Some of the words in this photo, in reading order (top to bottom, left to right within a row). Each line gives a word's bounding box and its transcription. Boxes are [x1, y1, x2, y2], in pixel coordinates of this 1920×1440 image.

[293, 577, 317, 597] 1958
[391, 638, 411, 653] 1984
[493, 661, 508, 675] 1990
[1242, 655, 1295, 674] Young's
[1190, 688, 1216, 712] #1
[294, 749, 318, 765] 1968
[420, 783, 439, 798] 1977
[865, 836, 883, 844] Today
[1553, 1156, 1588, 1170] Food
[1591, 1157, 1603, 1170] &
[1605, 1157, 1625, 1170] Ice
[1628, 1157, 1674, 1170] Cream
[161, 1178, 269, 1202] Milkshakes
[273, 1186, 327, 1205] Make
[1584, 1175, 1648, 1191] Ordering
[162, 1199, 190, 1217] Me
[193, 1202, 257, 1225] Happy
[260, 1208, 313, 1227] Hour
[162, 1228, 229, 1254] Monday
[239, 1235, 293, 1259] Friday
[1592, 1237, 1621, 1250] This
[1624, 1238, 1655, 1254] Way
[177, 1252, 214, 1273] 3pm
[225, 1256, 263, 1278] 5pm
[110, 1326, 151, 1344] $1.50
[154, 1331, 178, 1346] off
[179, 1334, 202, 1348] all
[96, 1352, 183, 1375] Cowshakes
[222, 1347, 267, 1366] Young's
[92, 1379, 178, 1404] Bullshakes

## YOUR ASSIGNMENT
Every line above should be written out again exactly as it stands.

## SOLUTION TO THIS PROBLEM
Some of the words in this photo, in reading order (top to bottom, left to right within a row). Each line gives a word's bounding box and its transcription. Boxes are [x1, y1, x2, y2], in pixel coordinates of this 1920×1440 image.

[293, 577, 317, 597] 1958
[391, 638, 411, 653] 1984
[493, 661, 508, 675] 1990
[1242, 655, 1295, 674] Young's
[1190, 688, 1216, 712] #1
[294, 749, 318, 765] 1968
[420, 783, 439, 798] 1977
[865, 836, 883, 844] Today
[1553, 1156, 1588, 1170] Food
[1591, 1157, 1603, 1170] &
[1605, 1157, 1625, 1170] Ice
[1628, 1157, 1674, 1170] Cream
[161, 1178, 269, 1202] Milkshakes
[273, 1186, 327, 1205] Make
[1584, 1175, 1648, 1191] Ordering
[162, 1199, 190, 1217] Me
[193, 1202, 257, 1225] Happy
[260, 1208, 313, 1227] Hour
[162, 1228, 229, 1254] Monday
[239, 1235, 293, 1259] Friday
[1592, 1237, 1621, 1250] This
[1624, 1238, 1655, 1254] Way
[177, 1252, 214, 1273] 3pm
[225, 1256, 263, 1278] 5pm
[110, 1326, 151, 1344] $1.50
[154, 1331, 178, 1346] off
[179, 1334, 202, 1348] all
[96, 1352, 183, 1375] Cowshakes
[222, 1347, 267, 1366] Young's
[92, 1379, 178, 1404] Bullshakes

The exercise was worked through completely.